WATERMELON GRANITA


 

image

As much as we love the soothing whirr of our ice cream machines, sometimes it’s nice to make a low-tech frozen dessert, especially if we’re guests in someone’s house—someone who most likely doesn’t own an ice cream maker. Most people we know own a blender, and it takes just a minute to puree the fruit with sugar and lime juice, pour it into a dish, and place the whole mess in the freezer. A few scrapes with a fork, and a couple of hours later, your granita is ready!

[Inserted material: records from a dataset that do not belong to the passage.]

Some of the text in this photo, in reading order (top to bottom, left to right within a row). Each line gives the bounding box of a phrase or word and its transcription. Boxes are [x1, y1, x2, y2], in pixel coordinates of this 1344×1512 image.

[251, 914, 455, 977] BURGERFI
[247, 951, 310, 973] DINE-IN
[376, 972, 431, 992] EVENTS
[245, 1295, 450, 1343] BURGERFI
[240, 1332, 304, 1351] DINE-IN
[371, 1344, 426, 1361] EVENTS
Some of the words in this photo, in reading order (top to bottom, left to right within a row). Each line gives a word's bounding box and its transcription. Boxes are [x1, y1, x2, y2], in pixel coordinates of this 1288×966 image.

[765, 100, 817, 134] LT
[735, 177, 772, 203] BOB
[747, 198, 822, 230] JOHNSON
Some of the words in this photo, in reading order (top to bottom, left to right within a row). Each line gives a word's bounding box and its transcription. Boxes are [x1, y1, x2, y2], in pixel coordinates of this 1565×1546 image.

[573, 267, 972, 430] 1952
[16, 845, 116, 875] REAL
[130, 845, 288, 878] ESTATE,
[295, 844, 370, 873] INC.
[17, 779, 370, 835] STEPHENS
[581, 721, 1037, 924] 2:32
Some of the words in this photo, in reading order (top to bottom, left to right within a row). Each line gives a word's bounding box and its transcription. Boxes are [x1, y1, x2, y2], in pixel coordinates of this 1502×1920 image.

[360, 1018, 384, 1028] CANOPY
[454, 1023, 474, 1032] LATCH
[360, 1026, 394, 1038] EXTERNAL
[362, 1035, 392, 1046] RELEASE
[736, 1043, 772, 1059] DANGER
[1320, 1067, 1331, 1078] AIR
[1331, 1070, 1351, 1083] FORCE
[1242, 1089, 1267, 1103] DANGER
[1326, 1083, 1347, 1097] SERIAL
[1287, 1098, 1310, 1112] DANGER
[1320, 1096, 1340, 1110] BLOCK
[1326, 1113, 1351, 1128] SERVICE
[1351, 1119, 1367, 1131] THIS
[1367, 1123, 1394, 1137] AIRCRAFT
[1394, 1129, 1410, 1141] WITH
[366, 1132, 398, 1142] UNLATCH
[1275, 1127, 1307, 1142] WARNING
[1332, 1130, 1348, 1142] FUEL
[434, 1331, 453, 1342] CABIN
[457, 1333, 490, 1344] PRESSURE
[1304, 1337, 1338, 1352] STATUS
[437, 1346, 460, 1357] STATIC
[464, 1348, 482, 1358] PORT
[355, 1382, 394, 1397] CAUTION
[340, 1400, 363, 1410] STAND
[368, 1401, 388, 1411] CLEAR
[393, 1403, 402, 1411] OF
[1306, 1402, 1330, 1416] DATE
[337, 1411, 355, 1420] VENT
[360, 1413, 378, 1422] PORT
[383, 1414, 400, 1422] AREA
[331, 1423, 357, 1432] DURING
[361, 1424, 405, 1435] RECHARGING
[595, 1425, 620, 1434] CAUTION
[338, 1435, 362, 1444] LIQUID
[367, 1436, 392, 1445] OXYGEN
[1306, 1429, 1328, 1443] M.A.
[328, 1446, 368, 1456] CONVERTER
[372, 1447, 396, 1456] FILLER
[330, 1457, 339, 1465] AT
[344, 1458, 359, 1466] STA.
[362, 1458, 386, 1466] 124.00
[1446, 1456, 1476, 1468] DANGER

Ben and I discovered watermelon granita at this wonderful old-timey place, Pellegrini’s Espresso Bar, in Melbourne, an Italian lunch counter with an old nonna dishing up amazing plates of pasta. Pellegrini’s was also home to Melbourne’s first espresso machine way back in the 1950s and to this day continues its tradition of expertly made coffee—and, clearly, other things too!

 


MAKES ABOUT 3 CUPS


4 cups cubed seedless watermelon

½ cup (100 grams) sugar

1½ tablespoons fresh lime juice

1. In a blender, combine the watermelon, sugar, and lime juice and puree until smooth. Transfer the pureed watermelon to a 9-inch square dish and freeze for 1 hour.

2. Using a fork, scrape the contents of the pan, mashing any frozen parts so the mixture stays slushy. Cover; freeze until firm, about 2 hours. Using a fork, scrape the granita vigorously to form icy flakes. The granita will keep, frozen, for up to 2 days.